Bugünkü gazete haberi “Tamam” dedirtti. Bir kez daha, yine, yeniden Milli Eğitim’i ele almalıyım. “Laik eğitim konusunda hiçbir sıkıntı yok” diyen bakan “zat” (bu hitap benden değil, asrın liderimizden (!)) cemaatçileri makamında ağırlamış. Hani CERN’den bilim ekibini kabul edecek değildi ya. Bendeki de akıl…

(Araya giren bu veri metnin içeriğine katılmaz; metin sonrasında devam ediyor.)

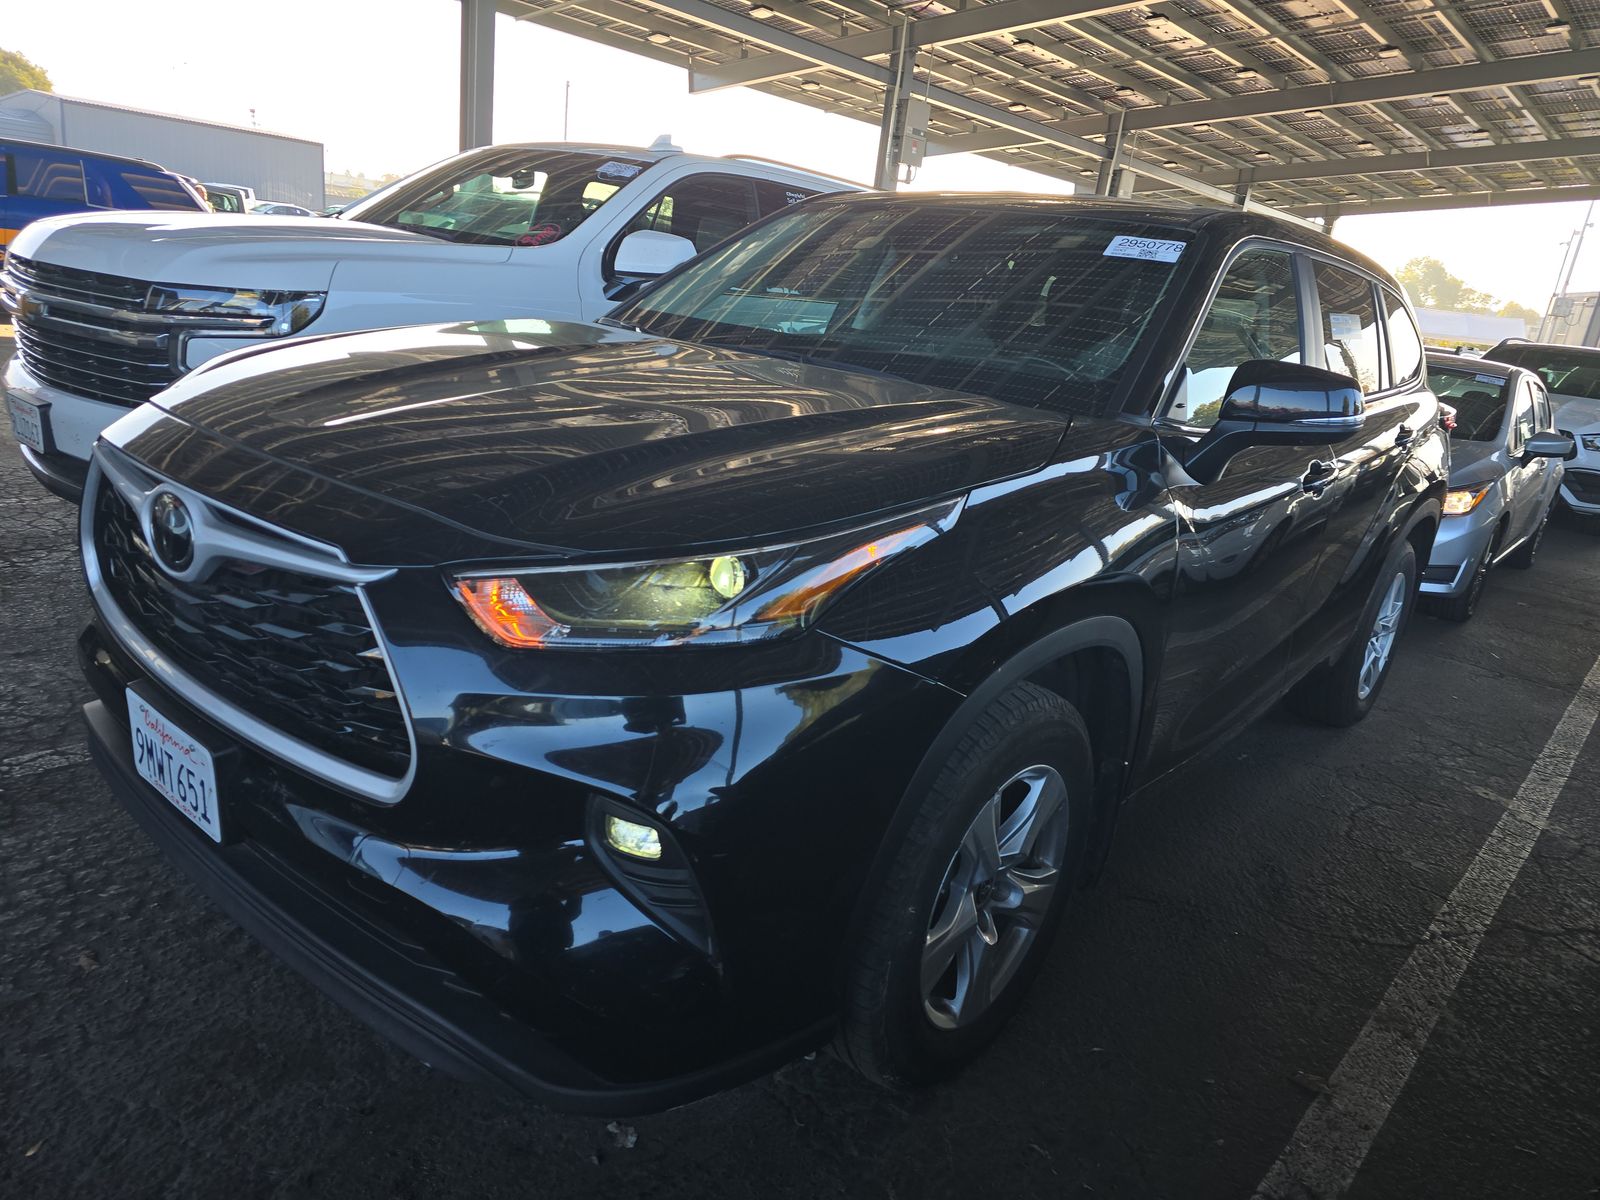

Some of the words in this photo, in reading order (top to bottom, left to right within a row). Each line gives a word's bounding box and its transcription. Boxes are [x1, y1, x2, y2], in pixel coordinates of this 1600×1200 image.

[1118, 238, 1184, 253] 2950778
[143, 708, 198, 765] California
[135, 727, 212, 825] 9MWT651
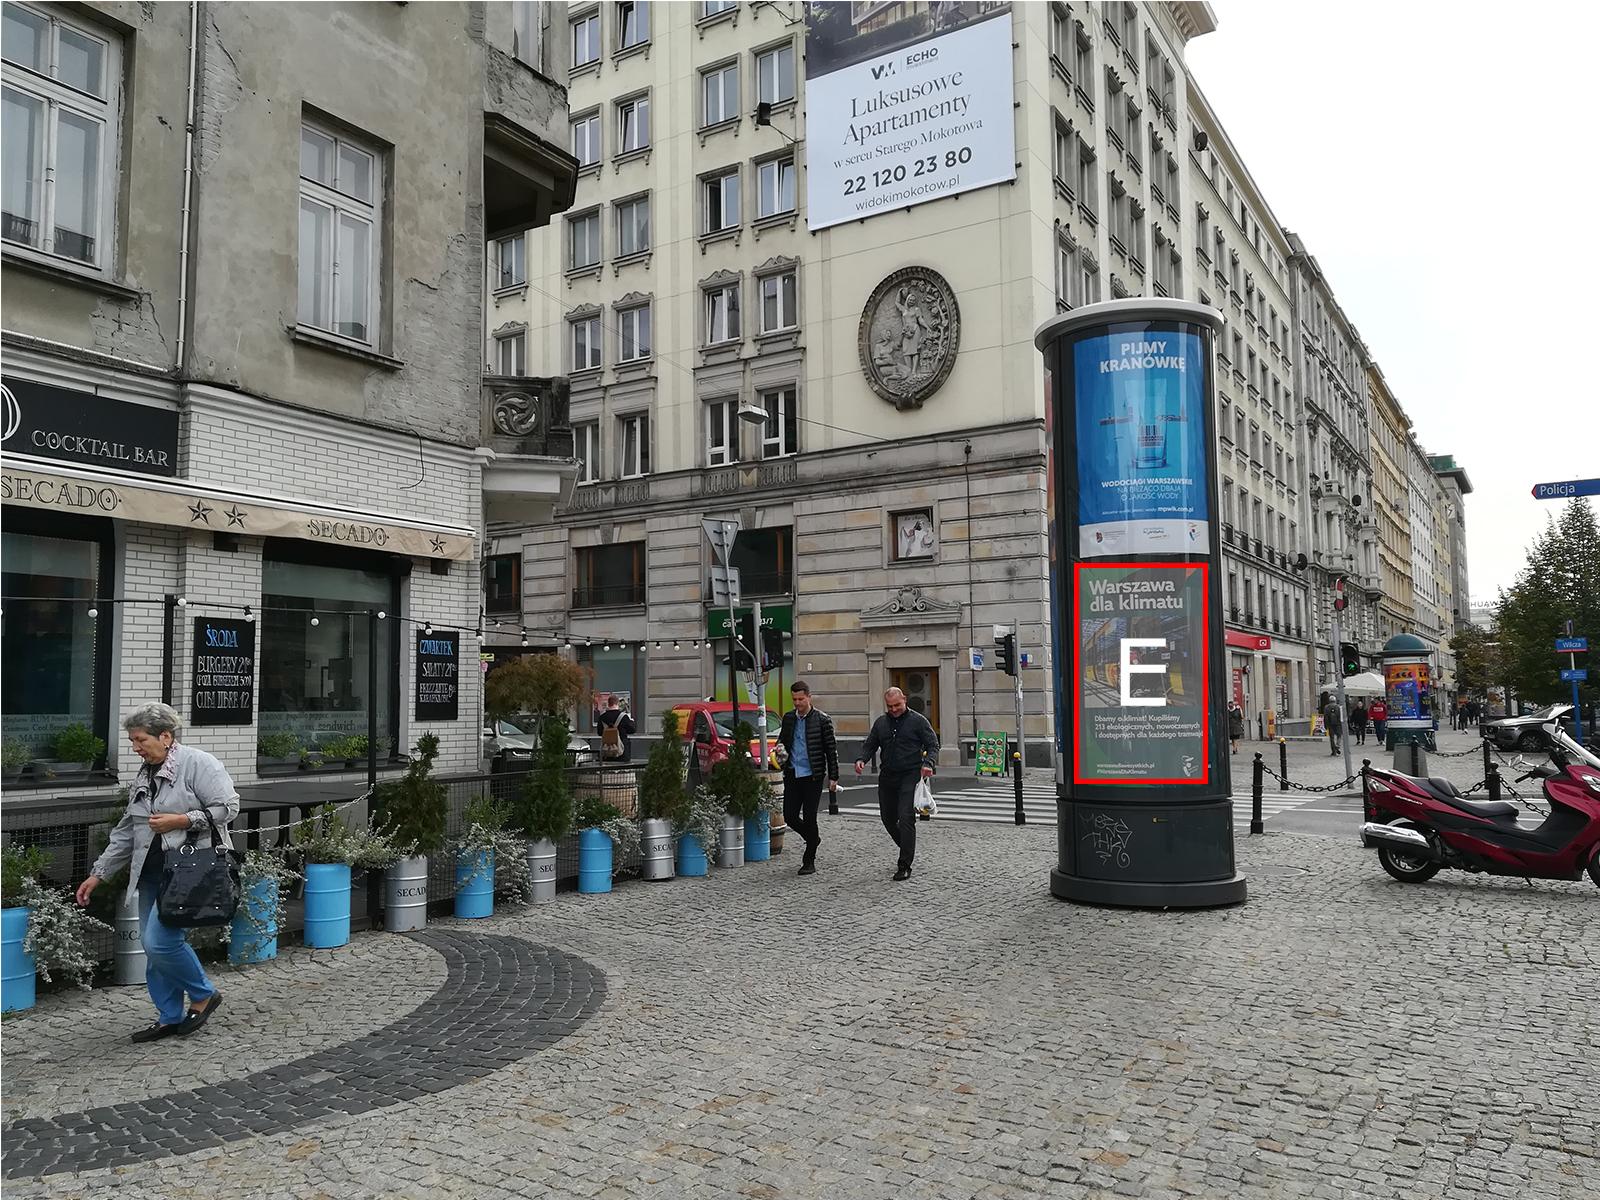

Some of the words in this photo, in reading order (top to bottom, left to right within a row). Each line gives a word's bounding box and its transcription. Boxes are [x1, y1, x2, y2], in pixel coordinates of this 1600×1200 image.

[906, 47, 938, 65] ECHO
[851, 71, 964, 118] Luksusowe
[843, 94, 971, 146] Apartamenty
[833, 160, 843, 169] w
[845, 152, 873, 167] sercu
[875, 143, 918, 158] Starego
[920, 119, 983, 144] Mokotowa
[843, 175, 866, 196] 22
[872, 165, 906, 187] 120
[914, 155, 937, 177] 23
[945, 146, 972, 168] 80
[855, 174, 961, 211] widokimokotow.pl
[1121, 341, 1167, 356] PIJMY
[1100, 353, 1185, 373] KRANÓWKĘ
[31, 430, 130, 460] COCKTAIL
[133, 446, 169, 467] BAR
[1101, 479, 1146, 489] WODOCIĄGI
[1147, 477, 1193, 486] WARSZAWSKIE
[1540, 483, 1576, 497] Policja
[0, 475, 119, 511] SECADO
[300, 519, 387, 546] SECADO
[1089, 579, 1175, 595] Warszawa
[1090, 595, 1114, 612] dla
[1119, 594, 1183, 610] klimatu
[206, 624, 238, 647] ŚRODA
[198, 656, 238, 673] BURGERY
[319, 720, 355, 730] sandwich
[1094, 715, 1116, 723] Dbamy
[1156, 722, 1200, 730] nowoczesnych
[1148, 731, 1177, 739] każdego
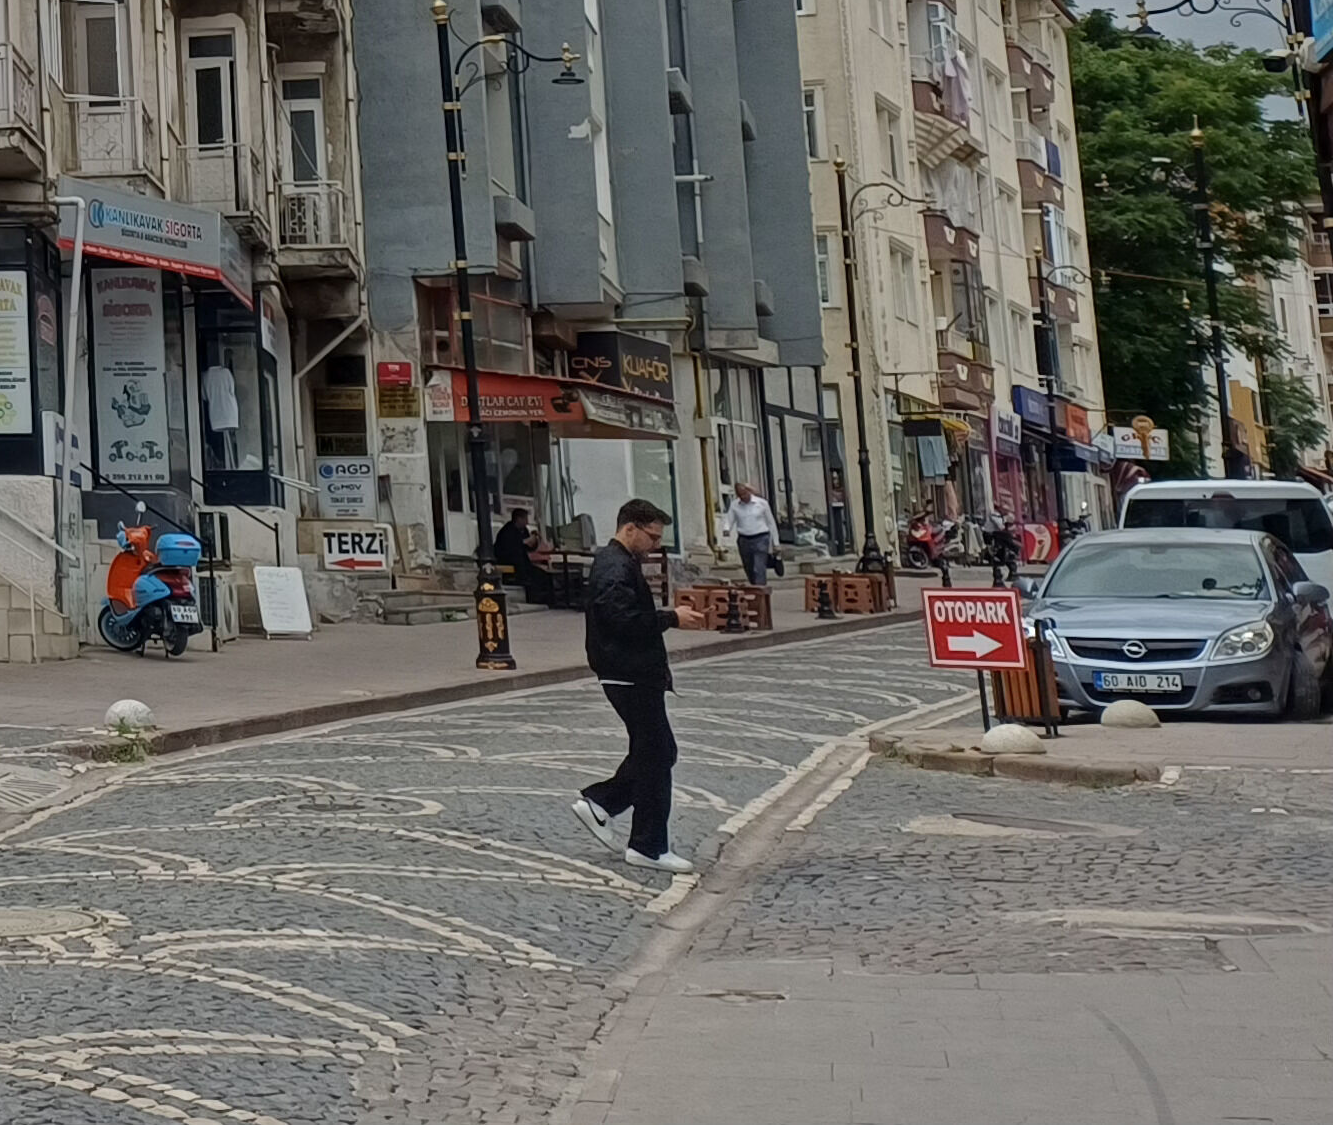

Birkaç kez bu köşede “Ah eğitim, vah eğitim!” dedik. Bu kez bakan üzerinden sürdürelim dizlerimize vurup dövünmeyi. Vah ki ne vah… Yazımda TİP İstanbul Milletvekili Sera Kadıgil’in (Tek Kişilik Dev Muhalefet) Meclis Komisyonu’ndaki konuşmasından yararlanıyorum. Milli Eğitim Bakanı zatın (o, daha kibar hitap ediyor: Sayın Tekin, diyor, diğer bakanlara sayın bakan derken) bakanlıktaki marifetlerini (!) ve engellenemez yükselişini kronolojik olarak sıralamış, ben de alıntılıyorum:

2013’te Milli Eğitim Bakanlığı müsteşarı olarak görevlendiriliyor ve “Andımız” kaldırılıyor.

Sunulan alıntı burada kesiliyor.